Right now, I feel like my thoughts fluctuate between two different positions:

  1. Things will go back to normal soon. Everything is going to be fine. There’s great opportunity hidden in the midst of uncertainty. You can do this!
  2. Things will never be normal. Everything is terrible. Will the clothing store I worked at in high    school, Maurice the Pants Man, rehire me? You can’t do this!


The cool thing is that some days, I have both of those thoughts in the same exact hour if not the same exact minute.

This is the weirdest season ever. I just keep saying that word over and over again. Weird. This is weird. How weird. 

Fortunately, I wrote a book about overthinking and learned an awful lot about changing my thoughts. I can’t wait for you to read it. It comes out in April and I think it’s going to help a ton of people who feel like they’re overthinking everything. 

Until then though, what are other books that might be encouraging during these discouraging times? 

Well today, I’ll tell you my personal list of 5 encouraging books for discouraging times: 

  1. The Boy, the Mole, the Fox and the Horse” written and illustrated by Charlie Mackesy. 

I loved what Elizabeth Gilbert of “Eat, Pray, Love” fame said about this book.

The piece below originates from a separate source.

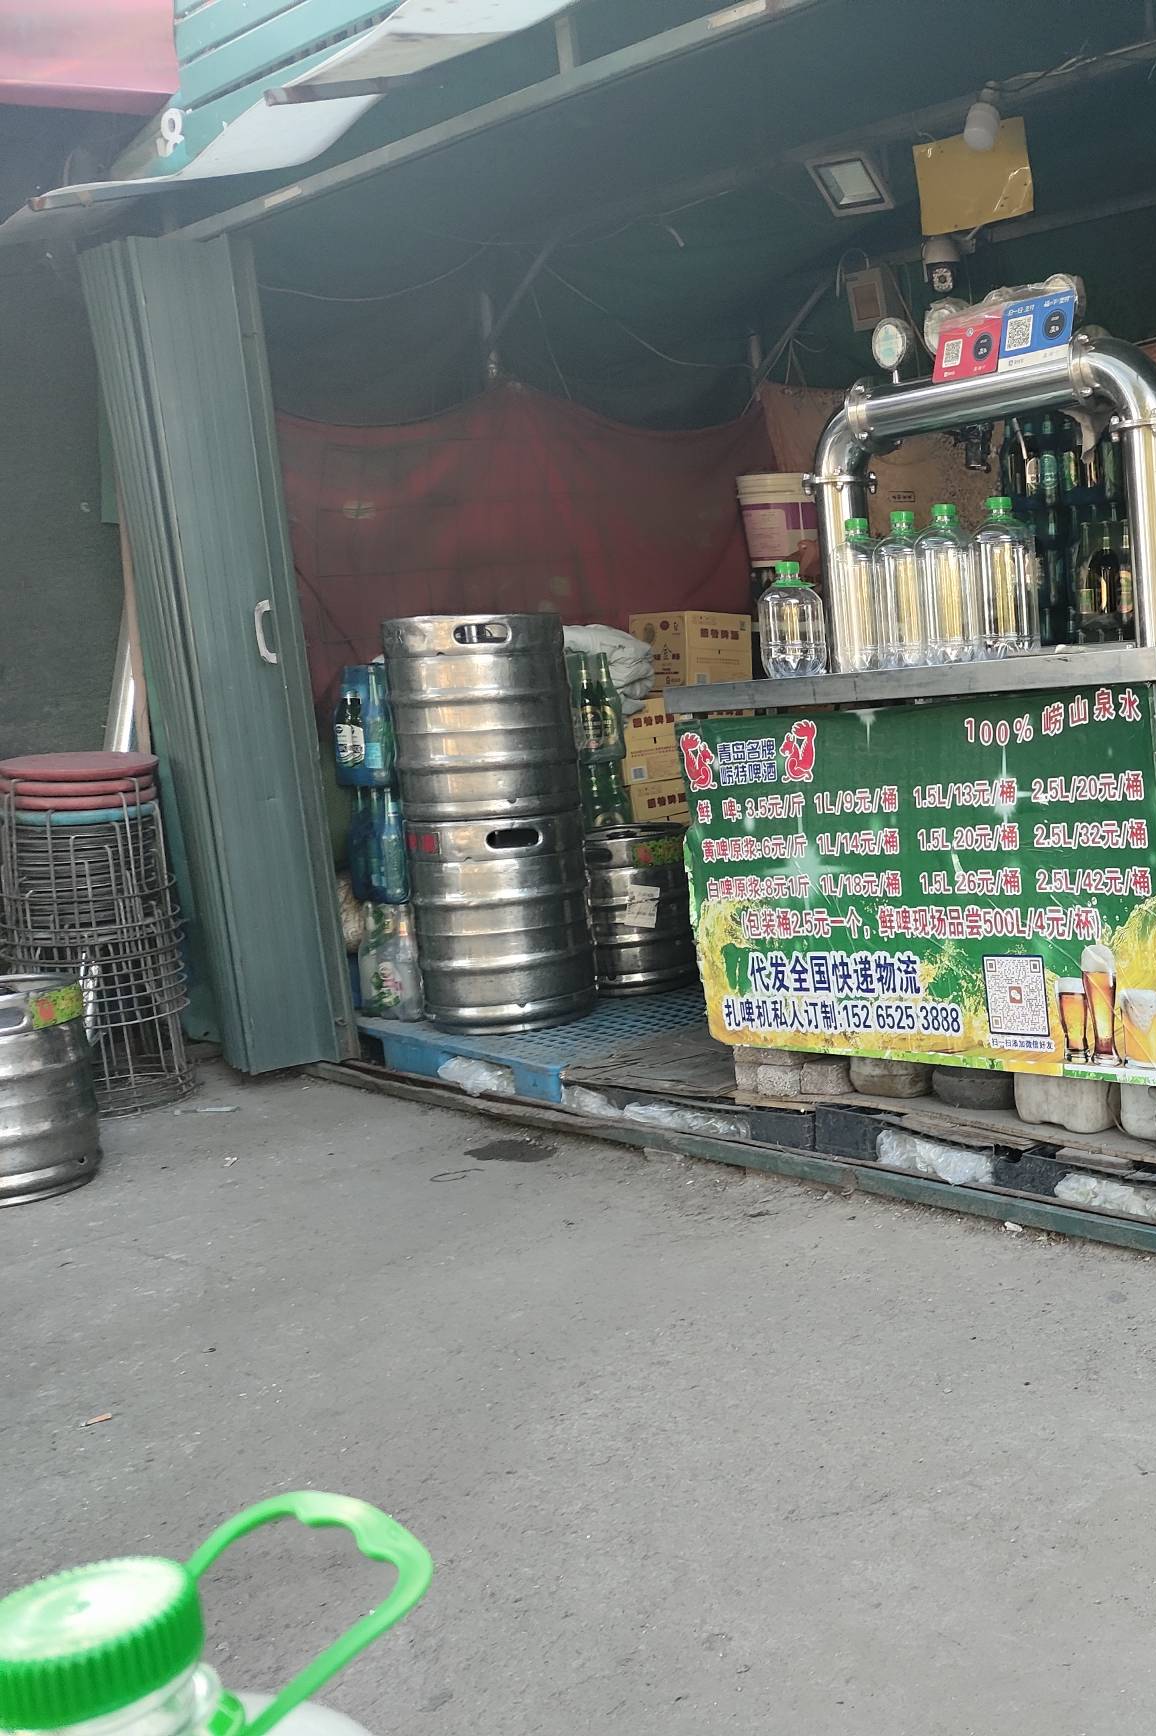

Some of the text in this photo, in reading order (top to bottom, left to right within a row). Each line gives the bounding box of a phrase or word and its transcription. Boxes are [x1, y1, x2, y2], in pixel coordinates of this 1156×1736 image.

She wrote, “The world that I am required to inhabit is this one. But the world that I long to inhabit is the one that Charlie Mackesy has created.” That’s what this is. It’s a beautiful, inspiring world where a boy goes on an adventure with a few friends. It reminds me a little bit of Winnie the Pooh, in that it sneaks up on you with deep wisdom. When I looked it up on Amazon, I was blown away to see that it has 23,000 reviews! There’s a good chance you’ve already seen this one, but if you haven’t, give it a look

2.  “This is Water: Some Thoughts, Delivered on a Significant Occasion, about Living a    Compassionate Life” written by David Foster Wallace.  

David Foster Wallace’s life came to a tragic end in 2008, but this book is one of the most hopeful things I’ve ever read. It’s not long. It’s actually the commencement address he gave in 2005 at Kenyon College. It’s about freedom and attention and what we all get to choose to focus our lives on. It’s a book that I need to reread at least once a year, especially when I get obsessed with my own needs, my own fears and my own kingdom. 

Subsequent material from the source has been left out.